▶ **Instructions for the task**
A precise repetition of every line below is the required answer.

Supplied data Block Start

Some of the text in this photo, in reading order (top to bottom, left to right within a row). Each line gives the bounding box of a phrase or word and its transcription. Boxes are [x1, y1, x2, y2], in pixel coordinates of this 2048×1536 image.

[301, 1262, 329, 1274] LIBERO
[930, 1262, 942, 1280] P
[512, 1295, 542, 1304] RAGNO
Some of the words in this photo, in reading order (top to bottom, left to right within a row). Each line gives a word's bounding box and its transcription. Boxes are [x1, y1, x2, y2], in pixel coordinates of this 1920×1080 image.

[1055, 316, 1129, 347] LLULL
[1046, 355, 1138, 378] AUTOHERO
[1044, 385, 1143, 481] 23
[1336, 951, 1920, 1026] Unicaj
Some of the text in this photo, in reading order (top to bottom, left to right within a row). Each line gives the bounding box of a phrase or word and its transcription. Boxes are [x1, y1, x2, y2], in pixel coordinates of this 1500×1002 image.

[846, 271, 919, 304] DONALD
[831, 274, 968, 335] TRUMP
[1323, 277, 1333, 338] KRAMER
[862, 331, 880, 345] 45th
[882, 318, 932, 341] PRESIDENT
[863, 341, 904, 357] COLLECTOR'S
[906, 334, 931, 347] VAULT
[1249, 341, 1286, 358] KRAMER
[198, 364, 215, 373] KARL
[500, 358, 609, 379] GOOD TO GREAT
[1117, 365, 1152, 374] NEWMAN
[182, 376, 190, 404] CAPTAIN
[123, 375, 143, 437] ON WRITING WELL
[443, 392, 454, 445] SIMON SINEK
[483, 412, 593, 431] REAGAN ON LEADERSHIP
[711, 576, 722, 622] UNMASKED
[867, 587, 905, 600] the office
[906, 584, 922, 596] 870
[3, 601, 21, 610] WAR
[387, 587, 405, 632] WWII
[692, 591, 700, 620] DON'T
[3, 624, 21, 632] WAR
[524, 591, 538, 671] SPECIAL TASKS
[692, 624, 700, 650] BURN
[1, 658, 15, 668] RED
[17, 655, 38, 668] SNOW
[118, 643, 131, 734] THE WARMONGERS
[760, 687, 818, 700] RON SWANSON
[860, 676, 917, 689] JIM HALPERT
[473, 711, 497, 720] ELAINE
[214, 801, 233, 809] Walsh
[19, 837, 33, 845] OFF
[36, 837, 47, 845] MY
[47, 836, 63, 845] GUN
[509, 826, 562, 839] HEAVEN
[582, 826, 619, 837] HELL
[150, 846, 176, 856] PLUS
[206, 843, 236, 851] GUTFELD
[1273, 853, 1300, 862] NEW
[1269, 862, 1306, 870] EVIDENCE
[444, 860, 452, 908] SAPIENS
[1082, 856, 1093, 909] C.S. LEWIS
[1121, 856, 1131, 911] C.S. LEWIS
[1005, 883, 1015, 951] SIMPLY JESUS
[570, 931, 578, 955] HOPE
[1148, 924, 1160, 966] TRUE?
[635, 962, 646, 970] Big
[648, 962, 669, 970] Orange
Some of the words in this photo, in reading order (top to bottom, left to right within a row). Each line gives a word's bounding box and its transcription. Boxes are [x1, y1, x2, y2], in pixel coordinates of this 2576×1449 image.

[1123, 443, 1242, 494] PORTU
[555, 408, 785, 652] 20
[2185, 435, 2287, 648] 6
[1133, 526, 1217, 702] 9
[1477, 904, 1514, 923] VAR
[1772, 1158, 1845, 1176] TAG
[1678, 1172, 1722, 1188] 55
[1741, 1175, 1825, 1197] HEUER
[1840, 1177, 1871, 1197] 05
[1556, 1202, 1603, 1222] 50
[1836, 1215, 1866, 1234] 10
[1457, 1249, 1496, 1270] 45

Supplied data Block End

▶ **Solution to the exercise**
Some of the text in this photo, in reading order (top to bottom, left to right within a row). Each line gives the bounding box of a phrase or word and its transcription. Boxes are [x1, y1, x2, y2], in pixel coordinates of this 2048×1536 image.

[301, 1262, 329, 1274] LIBERO
[930, 1262, 942, 1280] P
[512, 1295, 542, 1304] RAGNO
Some of the words in this photo, in reading order (top to bottom, left to right within a row). Each line gives a word's bounding box and its transcription. Boxes are [x1, y1, x2, y2], in pixel coordinates of this 1920×1080 image.

[1055, 316, 1129, 347] LLULL
[1046, 355, 1138, 378] AUTOHERO
[1044, 385, 1143, 481] 23
[1336, 951, 1920, 1026] Unicaj
Some of the text in this photo, in reading order (top to bottom, left to right within a row). Each line gives the bounding box of a phrase or word and its transcription. Boxes are [x1, y1, x2, y2], in pixel coordinates of this 1500×1002 image.

[846, 271, 919, 304] DONALD
[831, 274, 968, 335] TRUMP
[1323, 277, 1333, 338] KRAMER
[862, 331, 880, 345] 45th
[882, 318, 932, 341] PRESIDENT
[863, 341, 904, 357] COLLECTOR'S
[906, 334, 931, 347] VAULT
[1249, 341, 1286, 358] KRAMER
[198, 364, 215, 373] KARL
[500, 358, 609, 379] GOOD TO GREAT
[1117, 365, 1152, 374] NEWMAN
[182, 376, 190, 404] CAPTAIN
[123, 375, 143, 437] ON WRITING WELL
[443, 392, 454, 445] SIMON SINEK
[483, 412, 593, 431] REAGAN ON LEADERSHIP
[711, 576, 722, 622] UNMASKED
[867, 587, 905, 600] the office
[906, 584, 922, 596] 870
[3, 601, 21, 610] WAR
[387, 587, 405, 632] WWII
[692, 591, 700, 620] DON'T
[3, 624, 21, 632] WAR
[524, 591, 538, 671] SPECIAL TASKS
[692, 624, 700, 650] BURN
[1, 658, 15, 668] RED
[17, 655, 38, 668] SNOW
[118, 643, 131, 734] THE WARMONGERS
[760, 687, 818, 700] RON SWANSON
[860, 676, 917, 689] JIM HALPERT
[473, 711, 497, 720] ELAINE
[214, 801, 233, 809] Walsh
[19, 837, 33, 845] OFF
[36, 837, 47, 845] MY
[47, 836, 63, 845] GUN
[509, 826, 562, 839] HEAVEN
[582, 826, 619, 837] HELL
[150, 846, 176, 856] PLUS
[206, 843, 236, 851] GUTFELD
[1273, 853, 1300, 862] NEW
[1269, 862, 1306, 870] EVIDENCE
[444, 860, 452, 908] SAPIENS
[1082, 856, 1093, 909] C.S. LEWIS
[1121, 856, 1131, 911] C.S. LEWIS
[1005, 883, 1015, 951] SIMPLY JESUS
[570, 931, 578, 955] HOPE
[1148, 924, 1160, 966] TRUE?
[635, 962, 646, 970] Big
[648, 962, 669, 970] Orange
Some of the words in this photo, in reading order (top to bottom, left to right within a row). Each line gives a word's bounding box and its transcription. Boxes are [x1, y1, x2, y2], in pixel coordinates of this 2576×1449 image.

[1123, 443, 1242, 494] PORTU
[555, 408, 785, 652] 20
[2185, 435, 2287, 648] 6
[1133, 526, 1217, 702] 9
[1477, 904, 1514, 923] VAR
[1772, 1158, 1845, 1176] TAG
[1678, 1172, 1722, 1188] 55
[1741, 1175, 1825, 1197] HEUER
[1840, 1177, 1871, 1197] 05
[1556, 1202, 1603, 1222] 50
[1836, 1215, 1866, 1234] 10
[1457, 1249, 1496, 1270] 45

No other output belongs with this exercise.